Passend zur zweiten Tarifrunde meldete Volkswagen für das dritte Quartal einen Gewinneinbruch um 64 Prozent im Vergleich zum selben Vorjahreszeitraum. Schaut man sich die Zahlen genauer an, sahnen die Aktionäre und Manager aber weiterhin massiv ab.
2023 hatte der Gesamtkonzern, zu dem auch Marken wie Škoda, Seat, Audi und Porsche gehören, einen Rekordumsatz von 332 Milliarden Euro und einen Gewinn von 22,6 Milliarden verbucht. Er zahlte 4,5 Milliarden Dividenden aus, mehr als jetzt im Jahr bei der Marke VW eingespart werden soll.
Der VW-Konzern lag damit im Trend. Die 40 wertvollsten, im DAX gelisteten deutschen Konzerne schütteten 2023 insgesamt 54 Milliarden Euro an Dividenden aus – auch das ein historischer Rekord. Spitzenreiter war der Autokonzern Mercedes Benz, der seine Aktionäre mit 5,5 Milliarden Euro beglückte.
Die Marke Volkswagen, die im VW-Konzern die geringste Rendite aufweist, schreibt trotz dem Gewinneinbruch auch jetzt noch schwarze Zahlen.

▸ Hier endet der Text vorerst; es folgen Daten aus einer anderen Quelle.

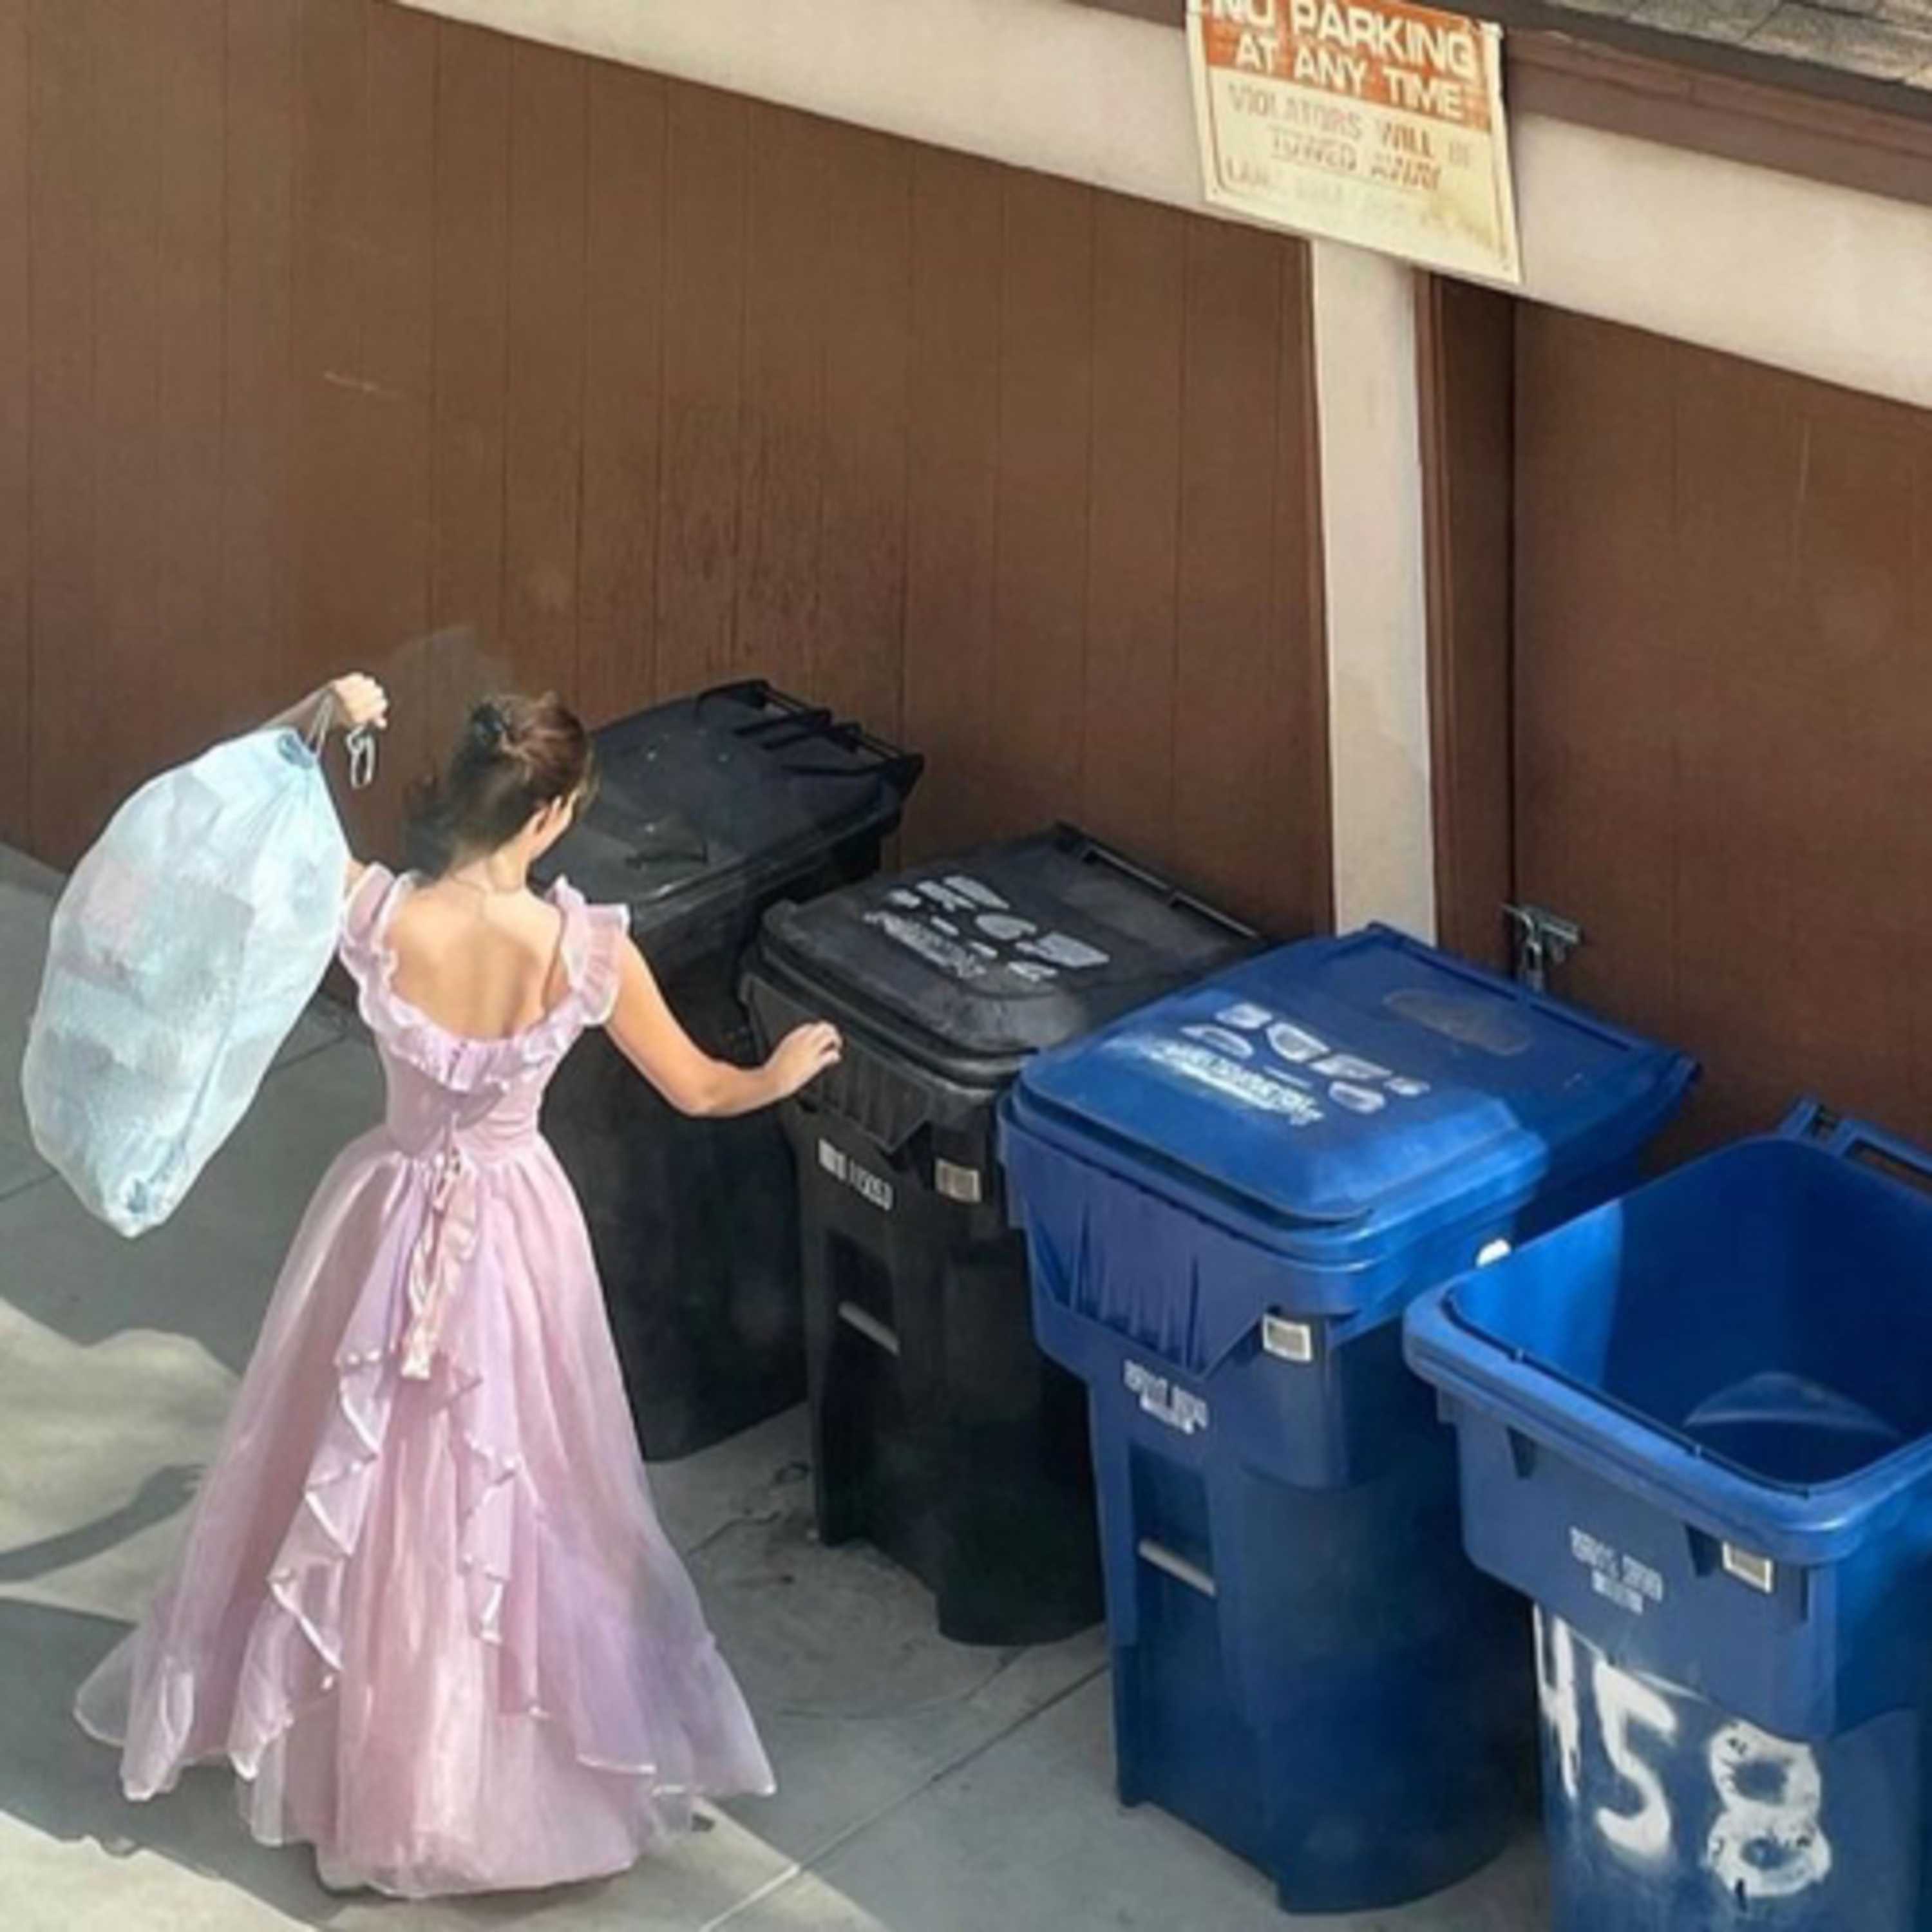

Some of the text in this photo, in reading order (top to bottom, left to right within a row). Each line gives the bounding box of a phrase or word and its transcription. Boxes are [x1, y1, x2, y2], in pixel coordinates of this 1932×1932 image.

Sie erzielte im dritten Quartal 2024 einen Überschuss von 1,6 Milliarden Euro.
Das Sparprogramm, für das die Arbeiterinnen und Arbeiter von VW mit ihren Arbeitsplätzen und Einkommen bezahlen sollen, ist eine Folge des erbitterten globalen Kampfs um Marktanteile und Profite, der auf dem Rücken der internationalen Arbeiterklasse ausgetragen wird und immer offener die Form von Handelskrieg und Krieg annimmt.

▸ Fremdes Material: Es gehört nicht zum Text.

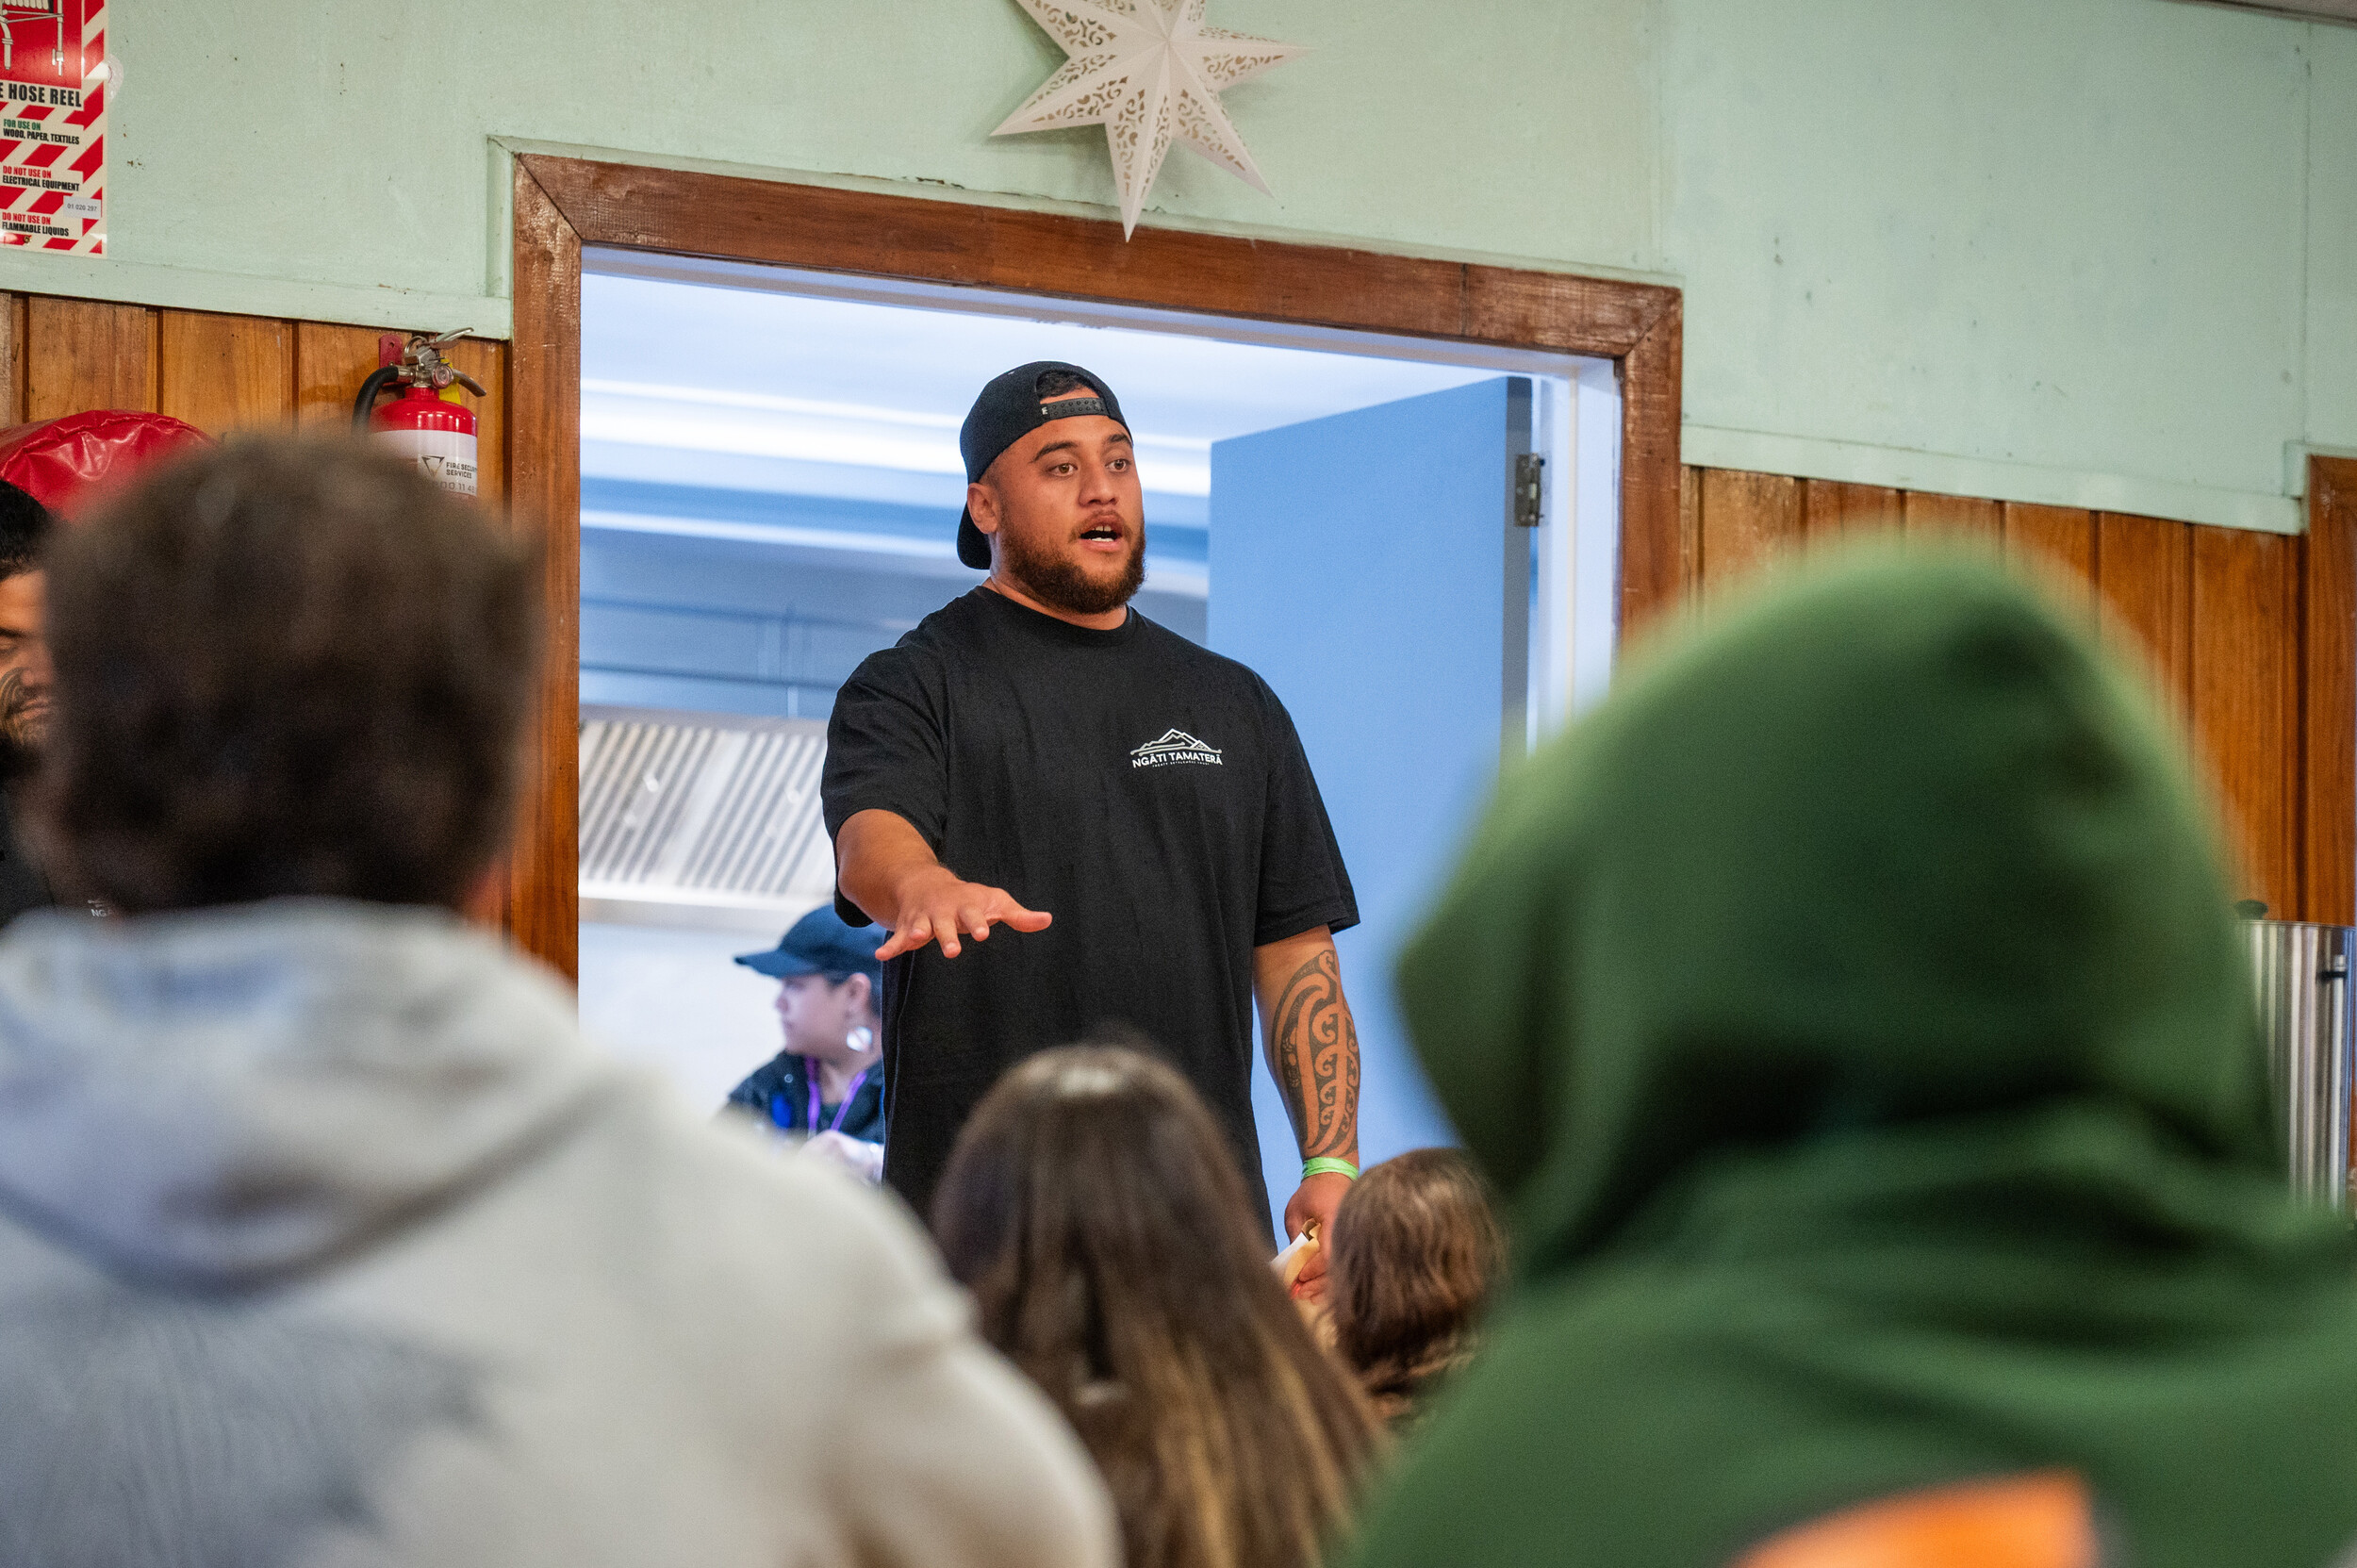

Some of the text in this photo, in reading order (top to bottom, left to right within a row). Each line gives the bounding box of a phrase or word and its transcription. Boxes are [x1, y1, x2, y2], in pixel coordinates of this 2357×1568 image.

[8, 83, 45, 103] HOSE
[50, 88, 82, 107] REEL
[3, 119, 41, 131] FOR USE ON
[3, 128, 80, 145] WOOD, PAPER, TEXTILES
[3, 165, 52, 179] DO NOT USE ON
[2, 174, 80, 191] ELECTRICAL EQUIPMENT
[2, 211, 51, 225] DO NOT USE ON
[2, 221, 70, 237] FLAMMABLE LIQUIDS
[446, 461, 460, 470] FIRE
[446, 469, 472, 479] SERVICES
[1131, 752, 1167, 768] NGĀTI
[1168, 751, 1223, 766] TAMATERĀ

Volkswagen verliert vor allem in China rasch an Marktanteilen, wo es bis vor kurzem noch jedes dritte Auto verkaufte. Im vergangenen Frühjahr verlor Volkswagen seine Rolle als Marktführerin in China an den chinesischen E-Auto-Hersteller BYD. Inzwischen verkauft BYD in China mehr Autos als sämtliche VW-Marken – Volkswagen, Audi, Porsche, Skoda, Jetta und Sehol – zusammen.

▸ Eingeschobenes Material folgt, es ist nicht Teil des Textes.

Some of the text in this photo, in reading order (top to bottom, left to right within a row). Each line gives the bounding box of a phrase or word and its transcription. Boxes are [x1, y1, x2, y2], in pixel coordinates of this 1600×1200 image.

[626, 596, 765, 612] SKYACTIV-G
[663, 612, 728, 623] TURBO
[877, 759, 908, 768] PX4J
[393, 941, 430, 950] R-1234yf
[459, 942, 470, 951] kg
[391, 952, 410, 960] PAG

Der Angriff auf Arbeitsplätze und Löhne kann nur abgewehrt werden, wenn sich die Arbeiter international zusammenschließen und ihre sozialen Rechte über die Profitansprüche der Konzerne stellen. Das erfordert einen Bruch mit den Gewerkschaften und ihren Betriebsräten, die sowohl im internationalen Handelskrieg wie bei den Angriffen auf die Arbeiter auf der Seite „ihrer“ jeweiligen nationalen Konzerne stehen.
Um die geplanten Angriffe abzuwehren und alle Werke und Arbeitsplätze zu verteidigen, müssen unabhängige Aktionskomitees aufgebaut werden, die sich weltweit in der Internationalen Arbeiterallianz der Aktionskomitees (International Workers Alliance of Rank-and-File Committees, IWA-RFC) zusammenschließen.